*TASK STATEMENT*
Pictures in the records below are skipped; the rest is copied exactly.

*SOURCE MATERIAL*
··········

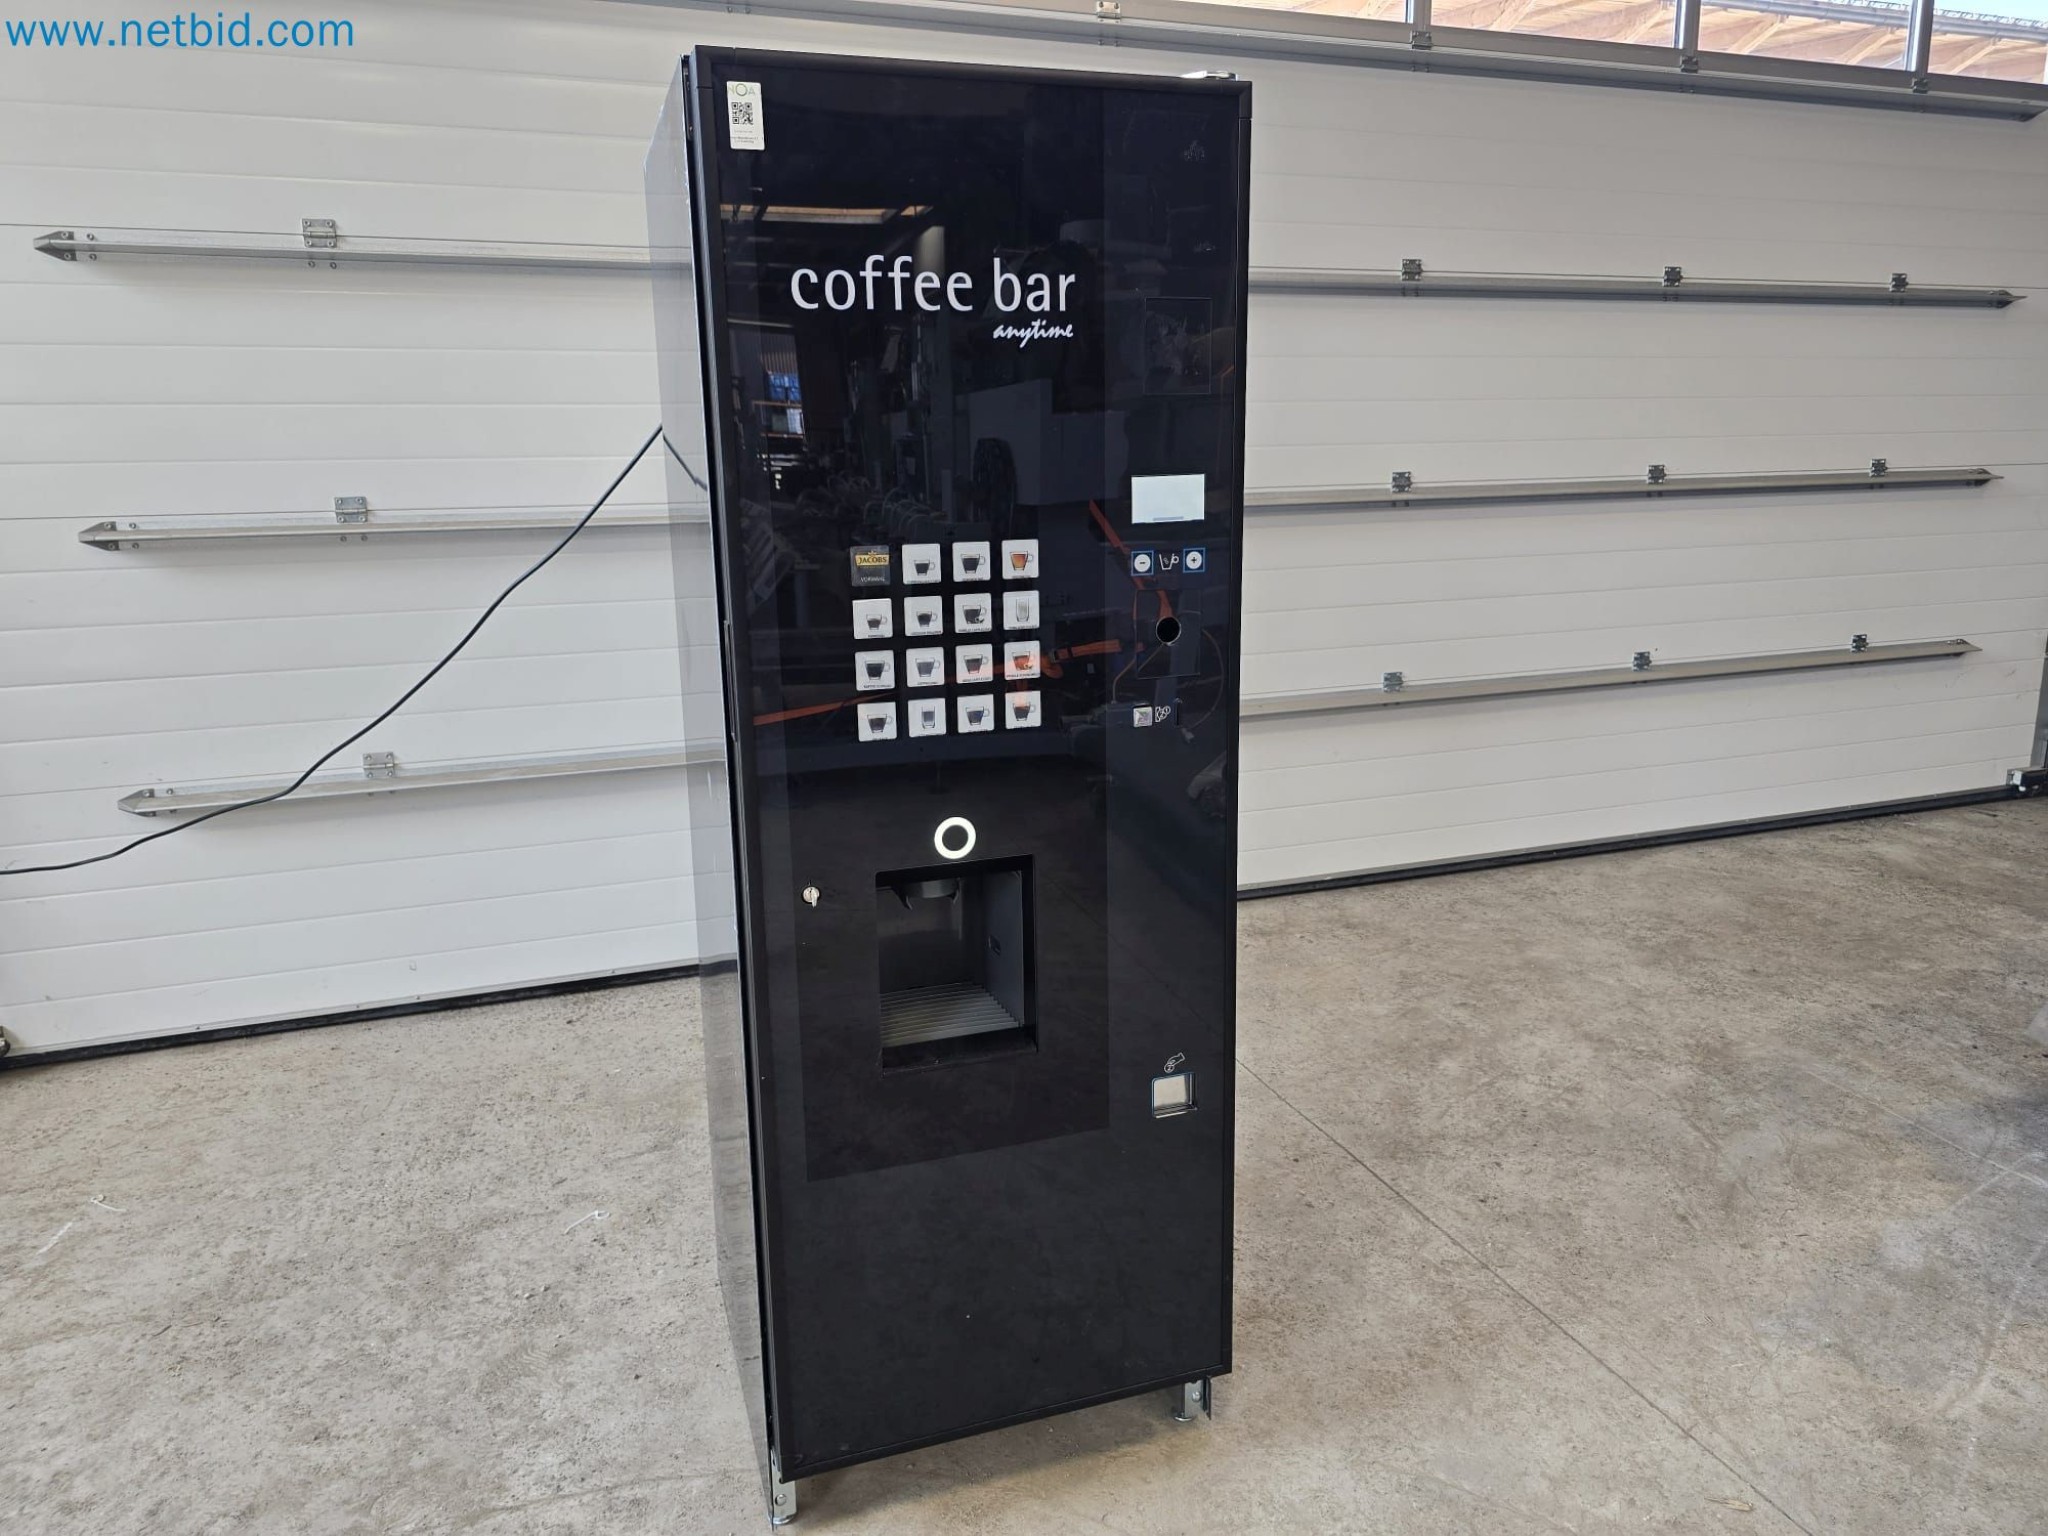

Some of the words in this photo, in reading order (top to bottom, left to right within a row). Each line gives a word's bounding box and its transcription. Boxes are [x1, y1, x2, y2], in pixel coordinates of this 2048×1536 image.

[790, 254, 973, 311] coffee
[993, 257, 1076, 312] bar
[992, 318, 1074, 349] anytime
[857, 556, 887, 565] JACOBS
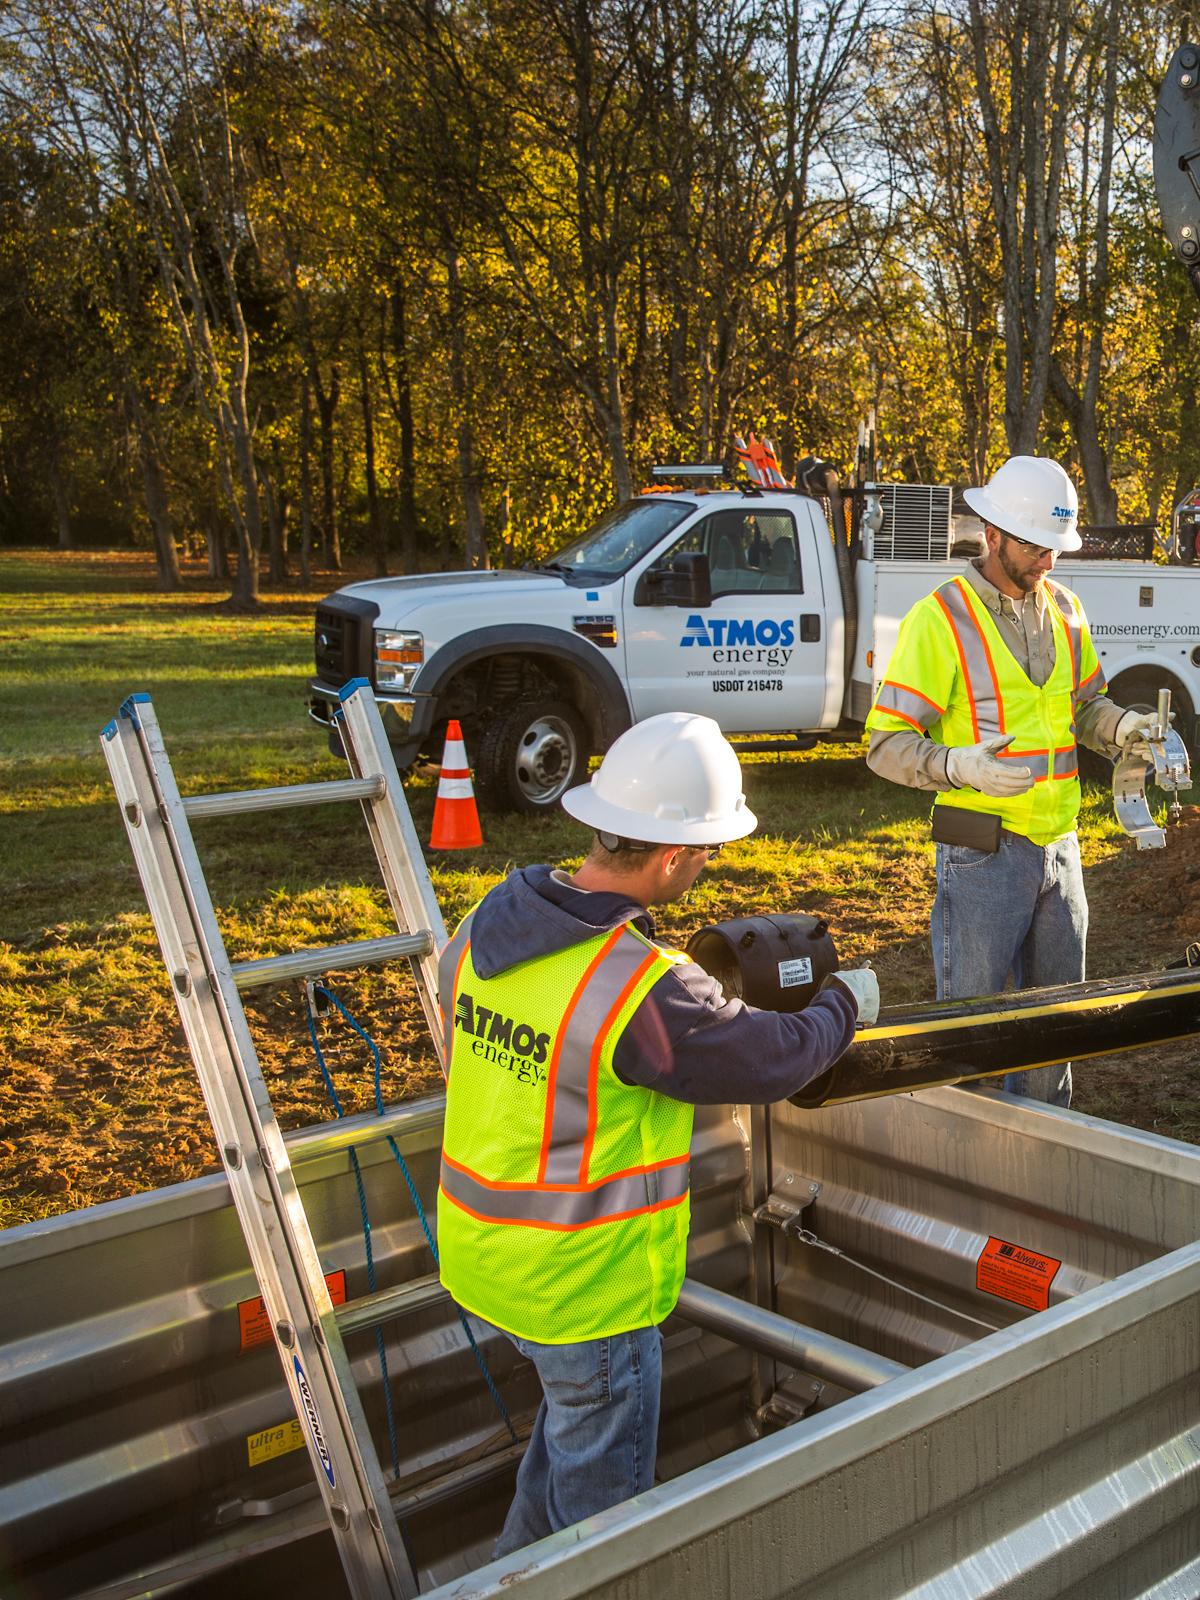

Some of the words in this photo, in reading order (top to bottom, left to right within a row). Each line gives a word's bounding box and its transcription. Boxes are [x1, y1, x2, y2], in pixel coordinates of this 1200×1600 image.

[1051, 506, 1075, 517] ATMO
[680, 615, 795, 647] ATMOS
[1090, 622, 1200, 639] tmosenergy.com
[713, 648, 794, 667] energy
[686, 670, 704, 678] your
[707, 668, 736, 677] natural
[752, 669, 786, 677] company
[713, 680, 744, 692] USDOT
[747, 680, 783, 691] 216478
[455, 992, 551, 1064] ATMOS
[472, 1039, 544, 1086] energy
[301, 1381, 329, 1461] WERNER
[250, 1430, 285, 1449] ultra
[291, 1421, 301, 1433] S

··········

*ANSWER SECTION*
Some of the words in this photo, in reading order (top to bottom, left to right within a row). Each line gives a word's bounding box and its transcription. Boxes are [x1, y1, x2, y2], in pixel coordinates of this 2048×1536 image.

[790, 254, 973, 311] coffee
[993, 257, 1076, 312] bar
[992, 318, 1074, 349] anytime
[857, 556, 887, 565] JACOBS

Some of the words in this photo, in reading order (top to bottom, left to right within a row). Each line gives a word's bounding box and its transcription. Boxes are [x1, y1, x2, y2], in pixel coordinates of this 1200×1600 image.

[1051, 506, 1075, 517] ATMO
[680, 615, 795, 647] ATMOS
[1090, 622, 1200, 639] tmosenergy.com
[713, 648, 794, 667] energy
[686, 670, 704, 678] your
[707, 668, 736, 677] natural
[752, 669, 786, 677] company
[713, 680, 744, 692] USDOT
[747, 680, 783, 691] 216478
[455, 992, 551, 1064] ATMOS
[472, 1039, 544, 1086] energy
[301, 1381, 329, 1461] WERNER
[250, 1430, 285, 1449] ultra
[291, 1421, 301, 1433] S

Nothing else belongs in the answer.